# Input data

================

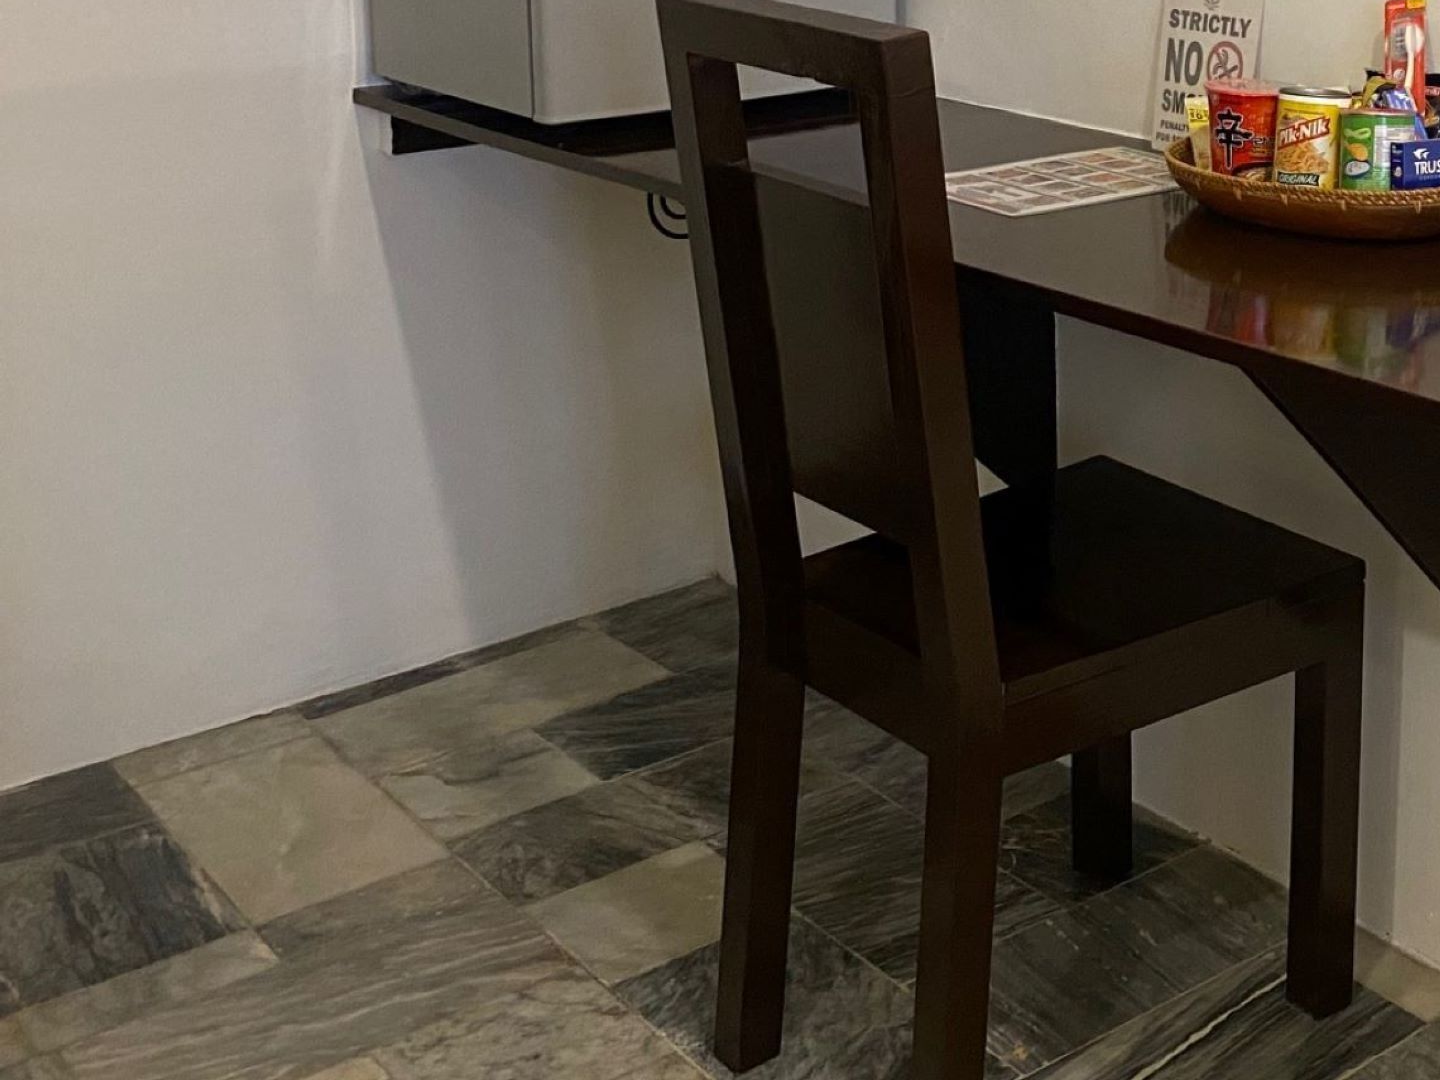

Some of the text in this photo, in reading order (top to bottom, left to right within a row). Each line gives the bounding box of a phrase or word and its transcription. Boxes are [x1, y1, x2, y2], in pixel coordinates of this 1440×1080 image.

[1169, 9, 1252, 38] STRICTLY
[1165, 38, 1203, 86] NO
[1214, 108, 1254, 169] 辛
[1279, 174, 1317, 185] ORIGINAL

================

# Task description
Line by line, write out the material above exactly, with no images.

# Task result
Some of the text in this photo, in reading order (top to bottom, left to right within a row). Each line gives the bounding box of a phrase or word and its transcription. Boxes are [x1, y1, x2, y2], in pixel coordinates of this 1440×1080 image.

[1169, 9, 1252, 38] STRICTLY
[1165, 38, 1203, 86] NO
[1214, 108, 1254, 169] 辛
[1279, 174, 1317, 185] ORIGINAL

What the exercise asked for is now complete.